Stored items from a collection

----------------------------------------

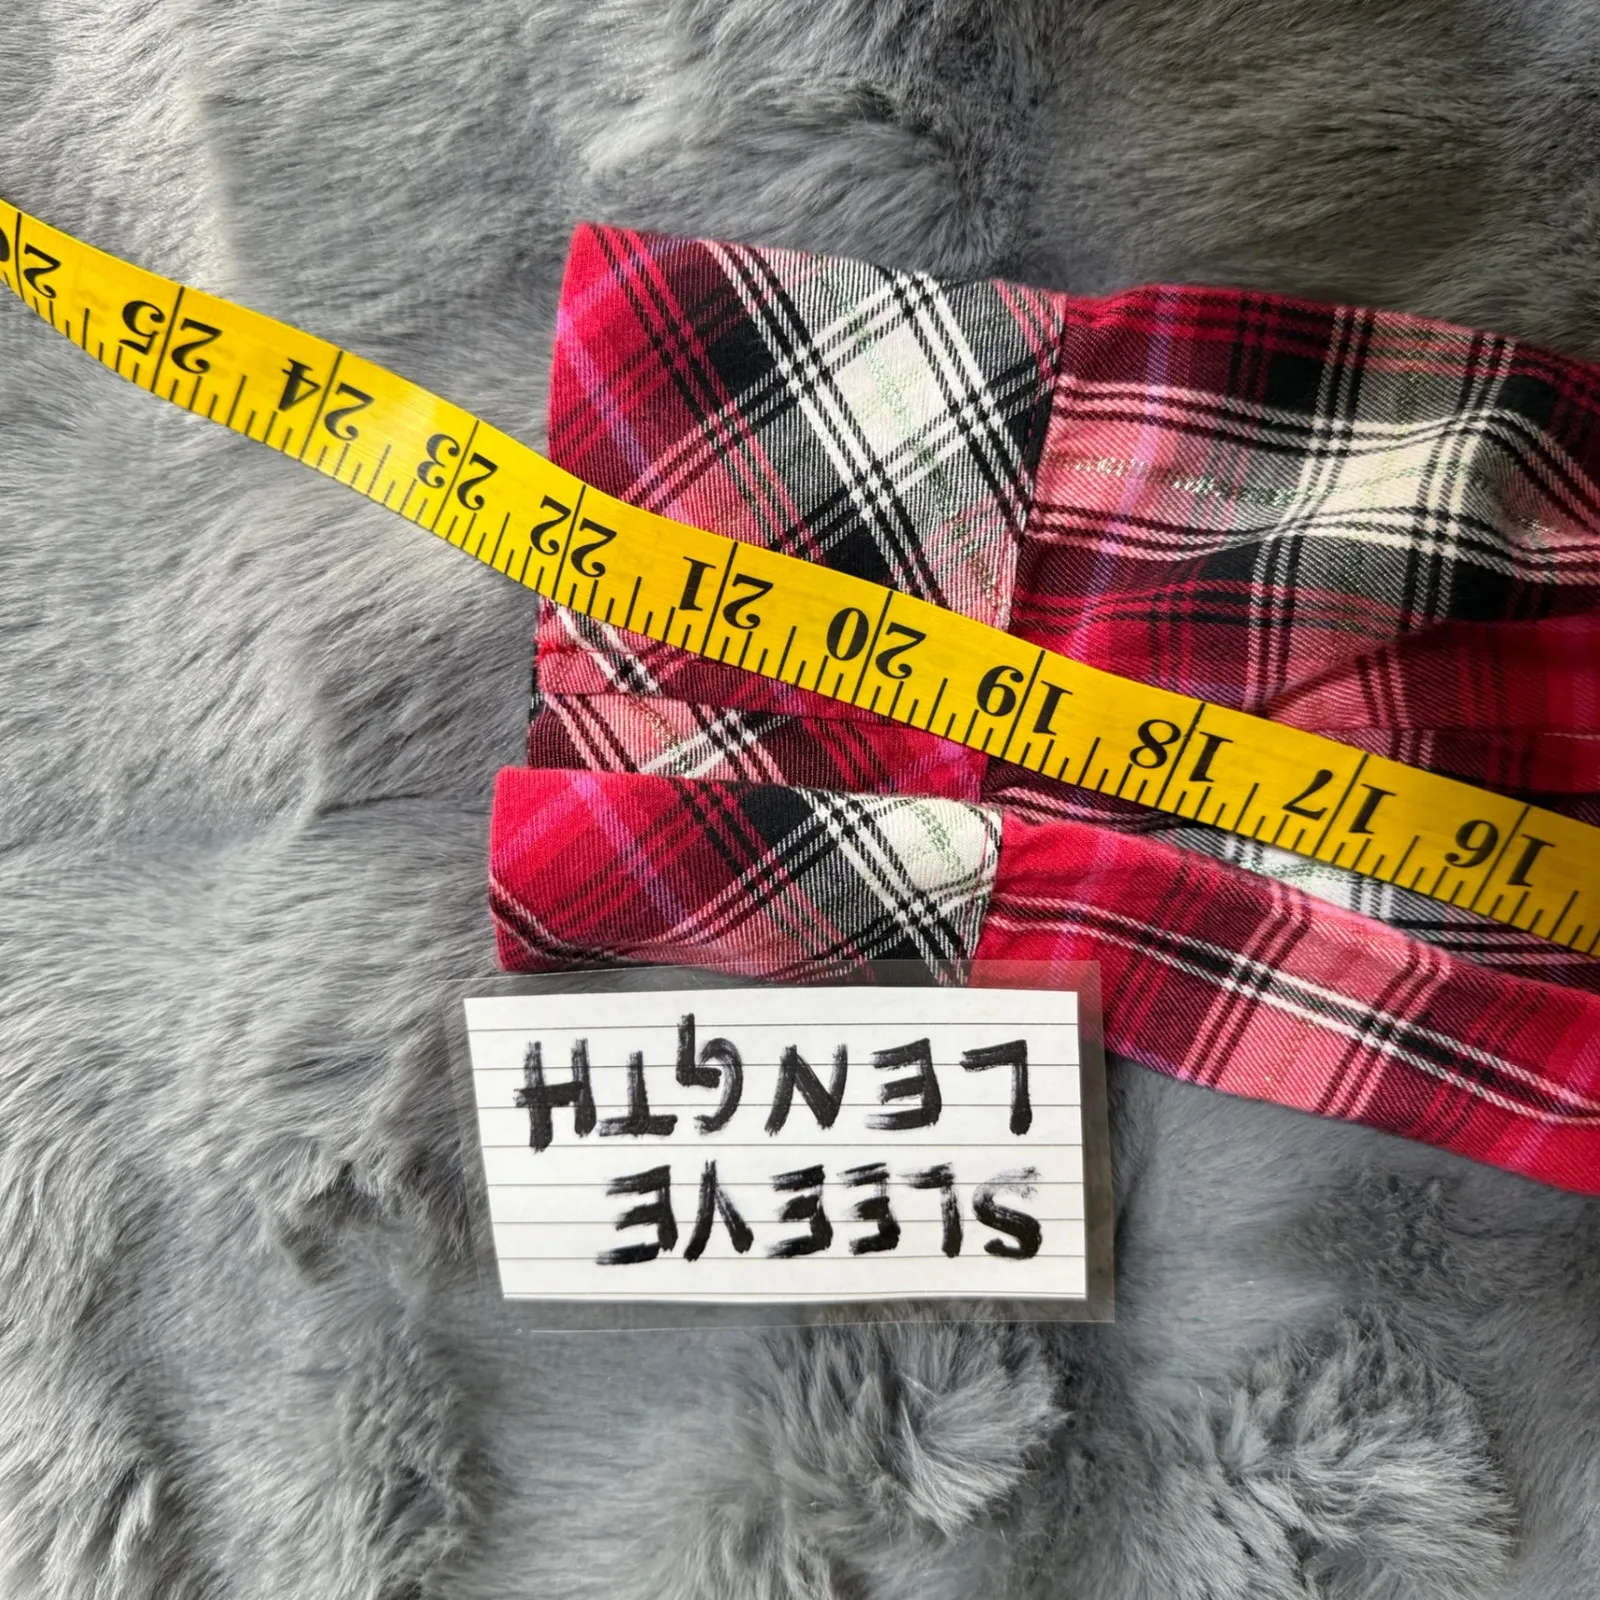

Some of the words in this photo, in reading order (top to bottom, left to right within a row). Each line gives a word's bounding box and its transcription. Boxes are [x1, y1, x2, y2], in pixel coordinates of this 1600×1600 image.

[0, 226, 62, 299] 2
[119, 300, 223, 374] 25
[276, 357, 374, 441] 24
[416, 433, 498, 511] 23
[530, 495, 617, 577] 22
[678, 556, 774, 629] 21
[826, 607, 926, 680] 20
[976, 665, 1073, 735] 19
[1129, 719, 1233, 783] 18
[1282, 769, 1396, 834] 17
[1444, 820, 1555, 887] 16
[513, 1013, 1032, 1152] LENGTH
[596, 1159, 1042, 1264] SLEEVE

----------------------------------------

» **Activity**
Your task is to retype the records above in full and exactly, omitting the pictures.

» **Answer section**
Some of the words in this photo, in reading order (top to bottom, left to right within a row). Each line gives a word's bounding box and its transcription. Boxes are [x1, y1, x2, y2], in pixel coordinates of this 1600×1600 image.

[0, 226, 62, 299] 2
[119, 300, 223, 374] 25
[276, 357, 374, 441] 24
[416, 433, 498, 511] 23
[530, 495, 617, 577] 22
[678, 556, 774, 629] 21
[826, 607, 926, 680] 20
[976, 665, 1073, 735] 19
[1129, 719, 1233, 783] 18
[1282, 769, 1396, 834] 17
[1444, 820, 1555, 887] 16
[513, 1013, 1032, 1152] LENGTH
[596, 1159, 1042, 1264] SLEEVE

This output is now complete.